#### What you should do:
Transcribe the entries exactly as they stand below, passing over any picture.

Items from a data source
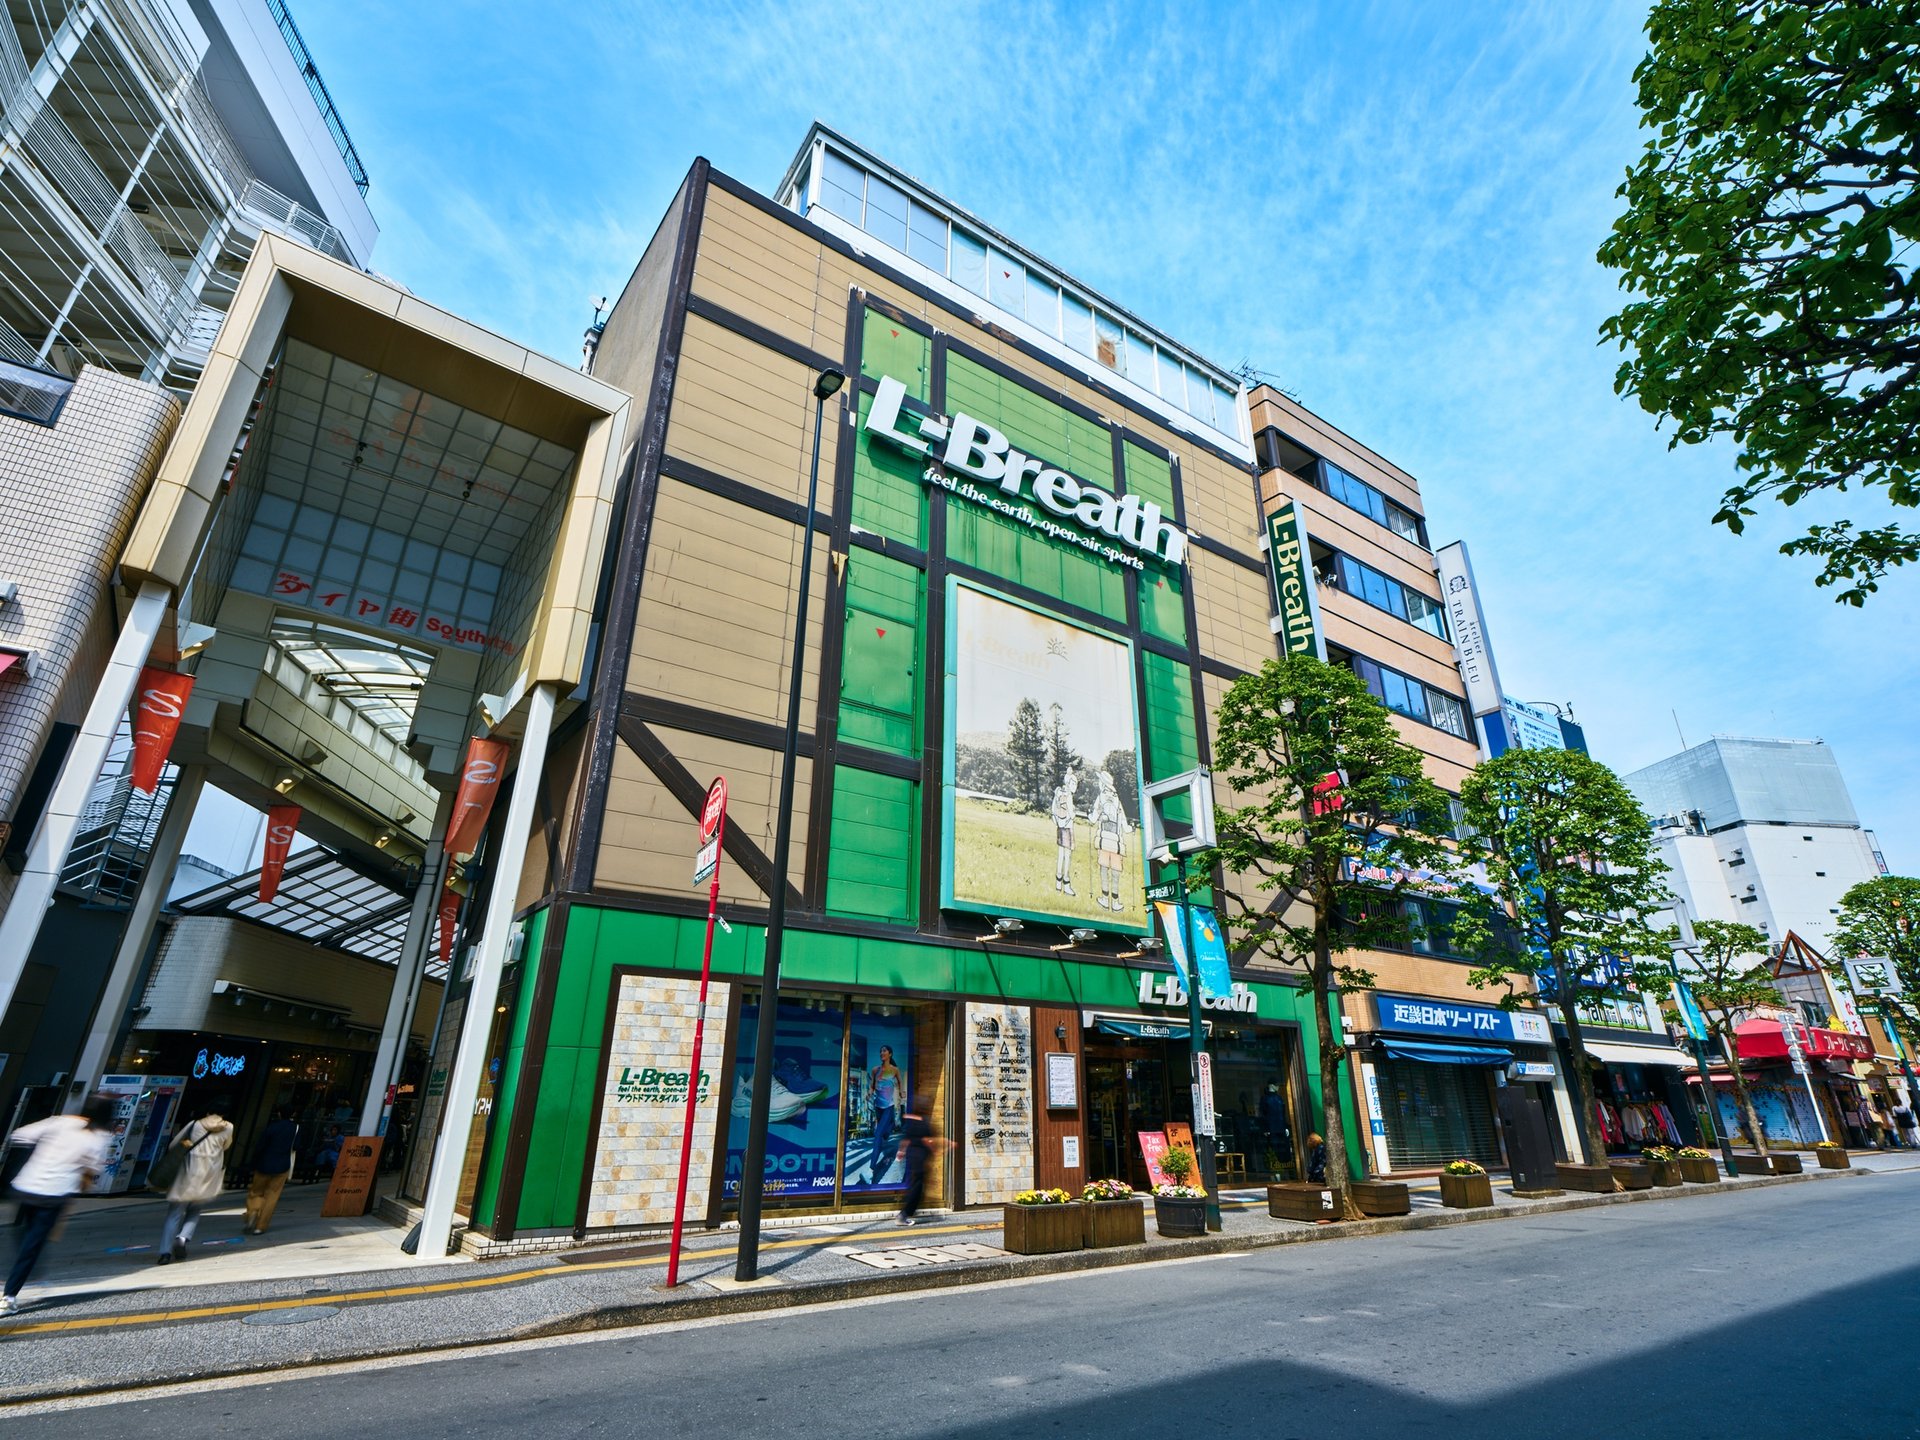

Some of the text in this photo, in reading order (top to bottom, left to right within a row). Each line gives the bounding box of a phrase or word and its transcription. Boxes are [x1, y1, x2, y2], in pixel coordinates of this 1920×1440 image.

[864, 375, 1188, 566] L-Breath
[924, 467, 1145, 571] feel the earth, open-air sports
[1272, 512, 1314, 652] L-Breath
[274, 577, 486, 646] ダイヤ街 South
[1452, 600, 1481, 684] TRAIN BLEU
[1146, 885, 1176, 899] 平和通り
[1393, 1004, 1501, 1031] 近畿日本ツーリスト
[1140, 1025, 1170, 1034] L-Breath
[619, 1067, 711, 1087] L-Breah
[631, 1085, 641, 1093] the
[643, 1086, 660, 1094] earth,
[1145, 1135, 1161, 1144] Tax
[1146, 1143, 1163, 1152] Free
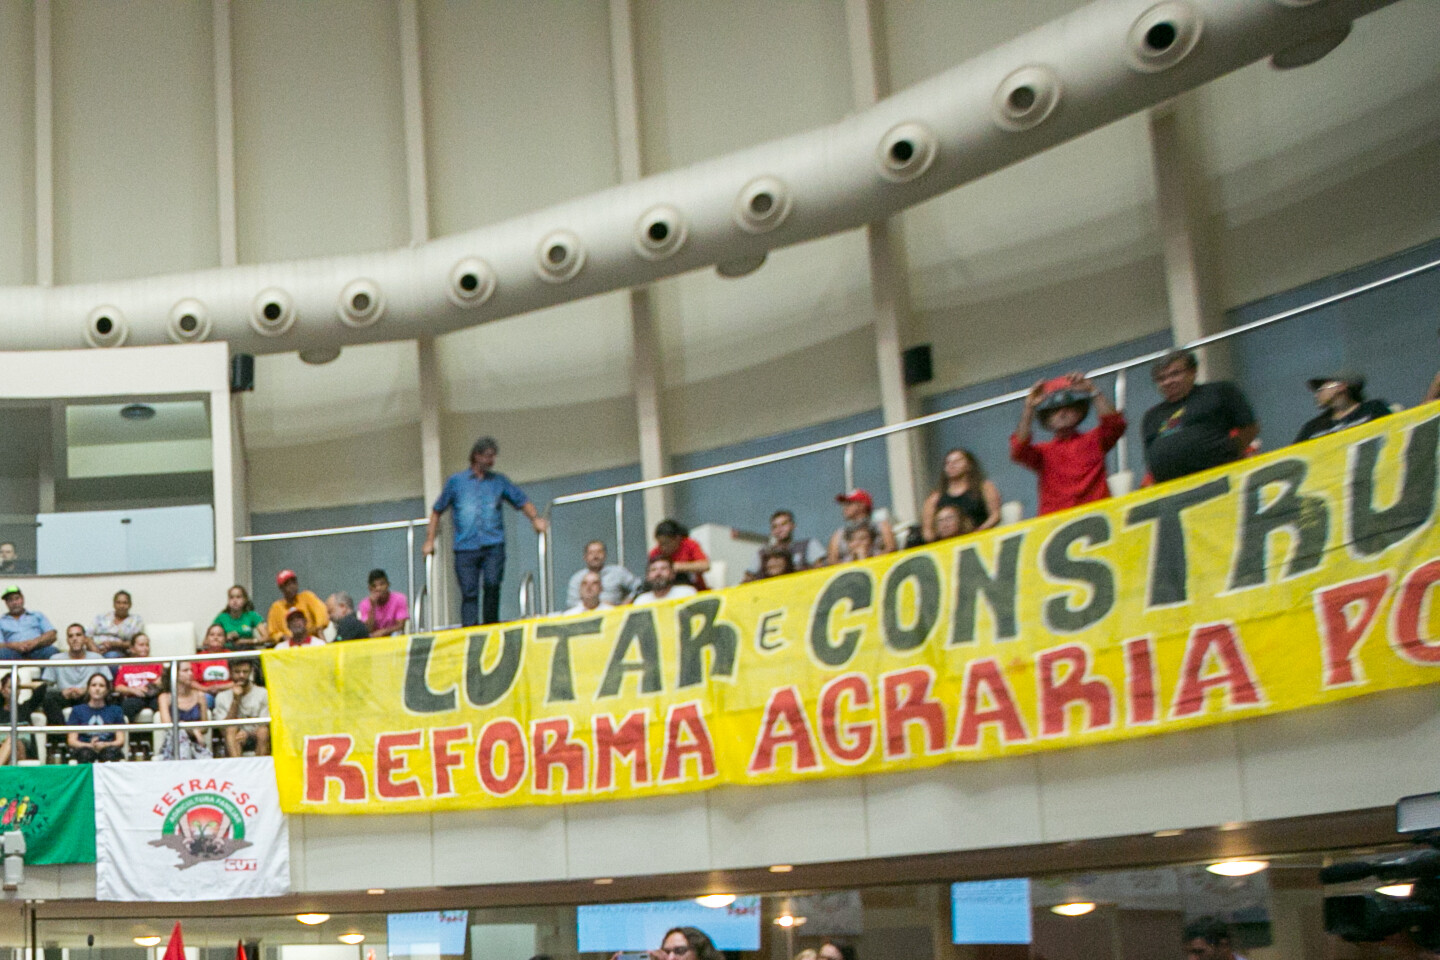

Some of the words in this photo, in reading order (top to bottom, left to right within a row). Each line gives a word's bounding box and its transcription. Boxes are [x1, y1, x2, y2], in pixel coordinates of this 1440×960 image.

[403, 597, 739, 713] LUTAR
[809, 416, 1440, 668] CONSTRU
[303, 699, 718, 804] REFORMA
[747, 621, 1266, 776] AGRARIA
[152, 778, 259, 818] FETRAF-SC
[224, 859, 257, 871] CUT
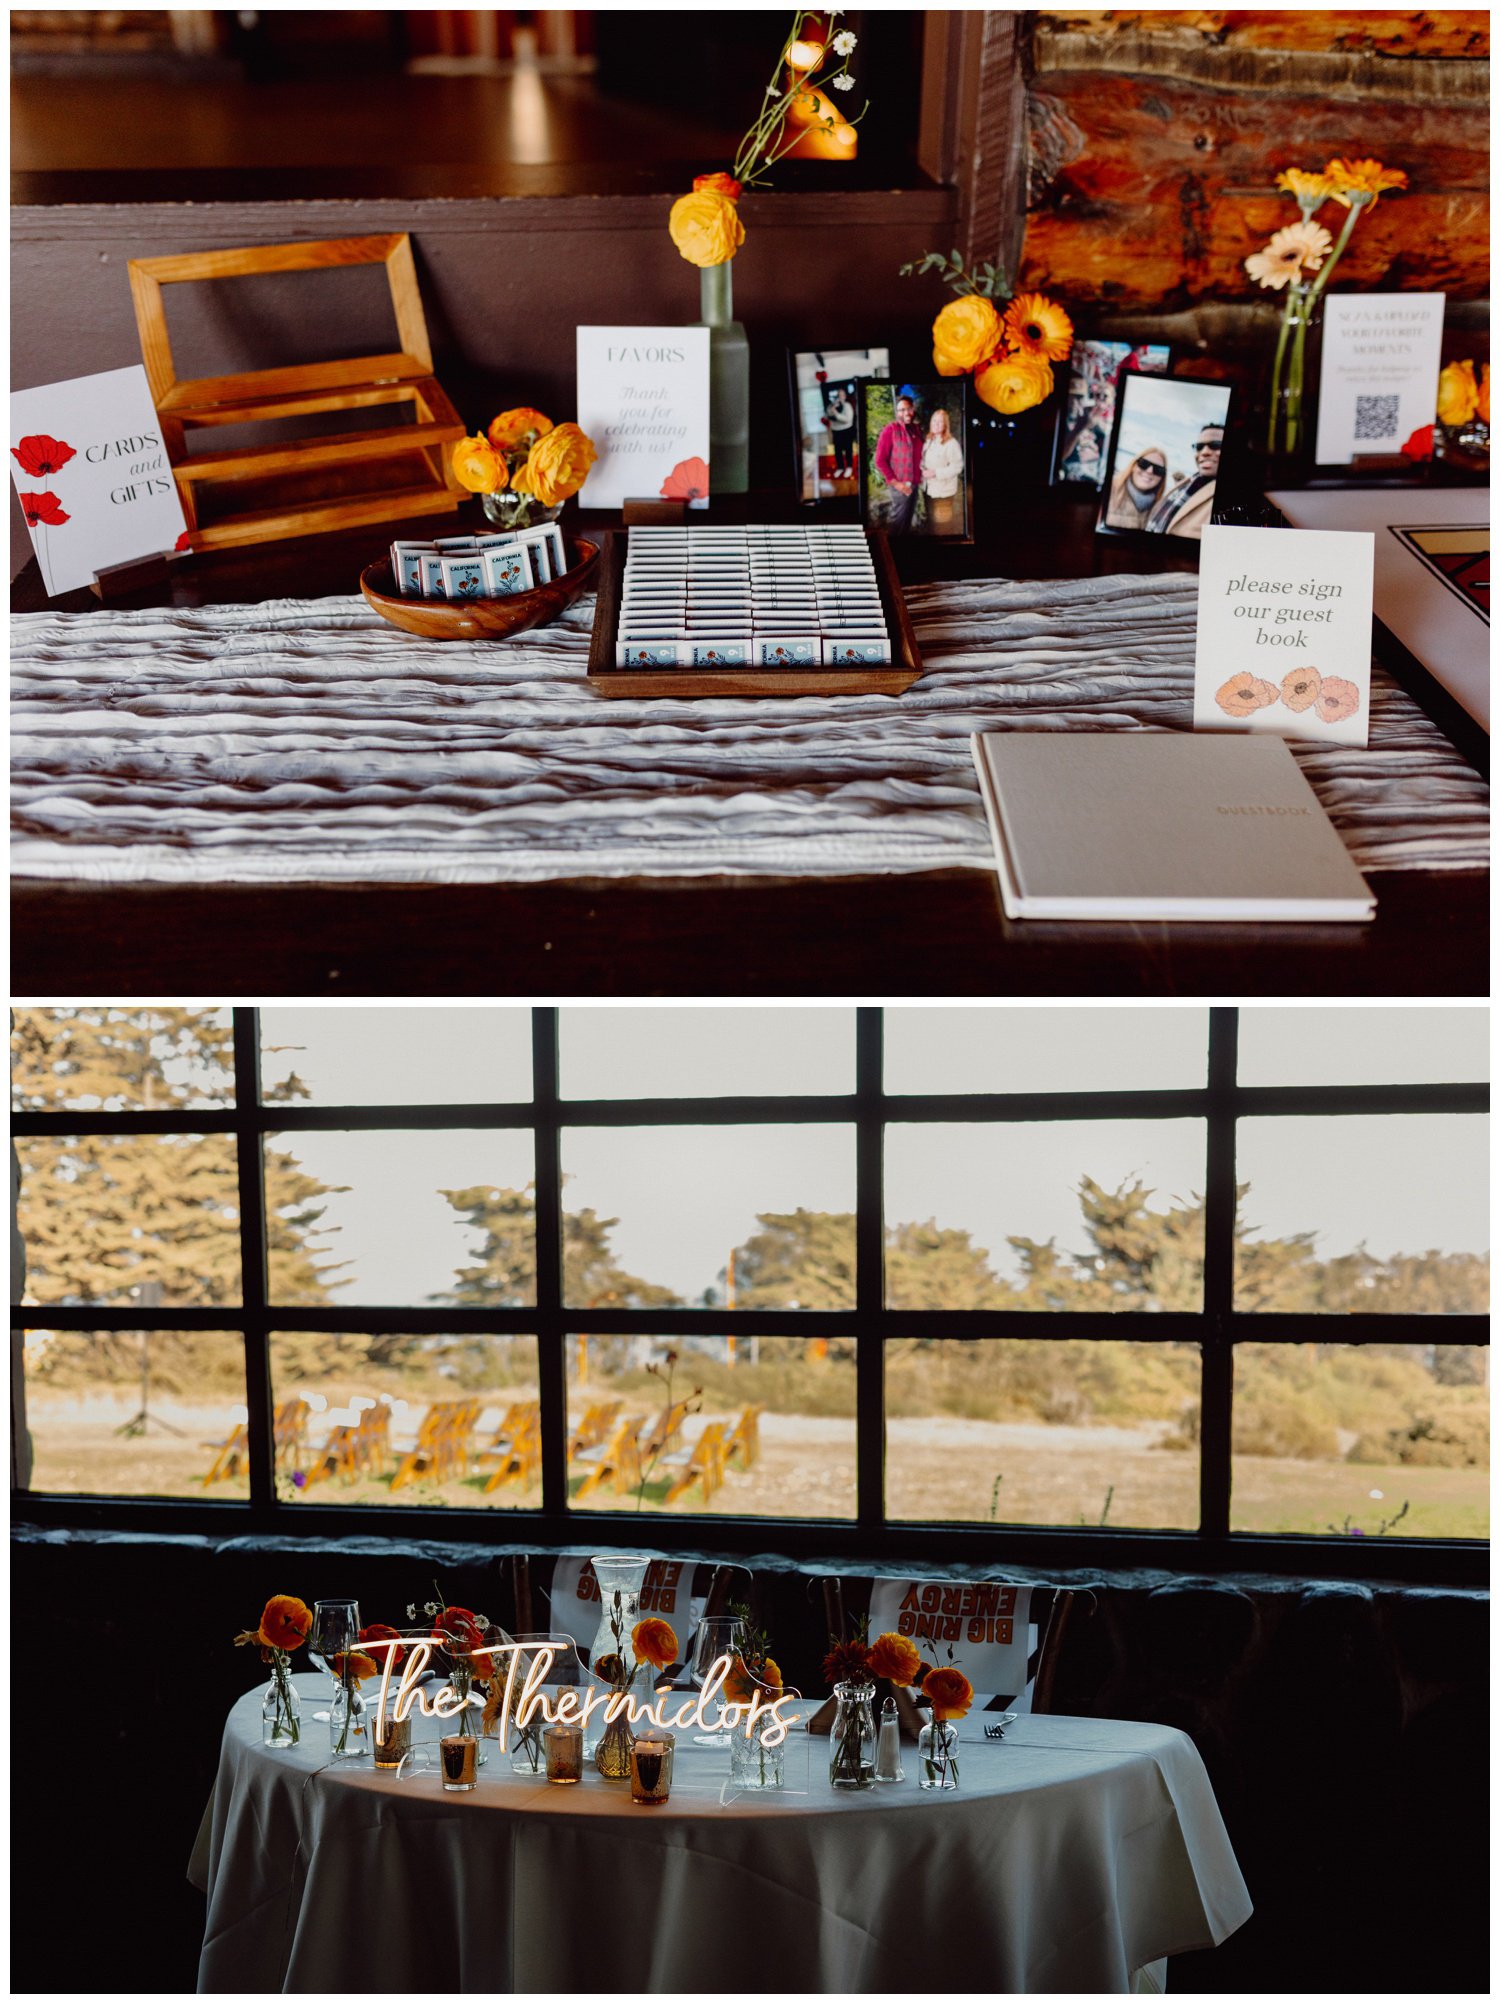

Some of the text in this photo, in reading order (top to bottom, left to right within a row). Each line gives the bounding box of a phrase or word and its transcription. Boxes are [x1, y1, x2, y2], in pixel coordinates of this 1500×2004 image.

#### Reply:
Some of the text in this photo, in reading order (top to bottom, left to right within a row). Each line gives the bounding box of a phrase or word and its transcription. Boxes are [x1, y1, x2, y2], in pixel coordinates of this 1920×1440 image.

[864, 375, 1188, 566] L-Breath
[924, 467, 1145, 571] feel the earth, open-air sports
[1272, 512, 1314, 652] L-Breath
[274, 577, 486, 646] ダイヤ街 South
[1452, 600, 1481, 684] TRAIN BLEU
[1146, 885, 1176, 899] 平和通り
[1393, 1004, 1501, 1031] 近畿日本ツーリスト
[1140, 1025, 1170, 1034] L-Breath
[619, 1067, 711, 1087] L-Breah
[631, 1085, 641, 1093] the
[643, 1086, 660, 1094] earth,
[1145, 1135, 1161, 1144] Tax
[1146, 1143, 1163, 1152] Free

Some of the words in this photo, in reading order (top to bottom, left to right within a row). Each line gives a word's bounding box and its transcription. Boxes are [x1, y1, x2, y2], in pixel coordinates of this 1440×960 image.

[403, 597, 739, 713] LUTAR
[809, 416, 1440, 668] CONSTRU
[303, 699, 718, 804] REFORMA
[747, 621, 1266, 776] AGRARIA
[152, 778, 259, 818] FETRAF-SC
[224, 859, 257, 871] CUT

Some of the text in this photo, in reading order (top to bottom, left to right within a row). Each line gives the bounding box of a phrase or word and its transcription. Boxes are [x1, y1, x2, y2], in pixel coordinates of this 1500×2004 image.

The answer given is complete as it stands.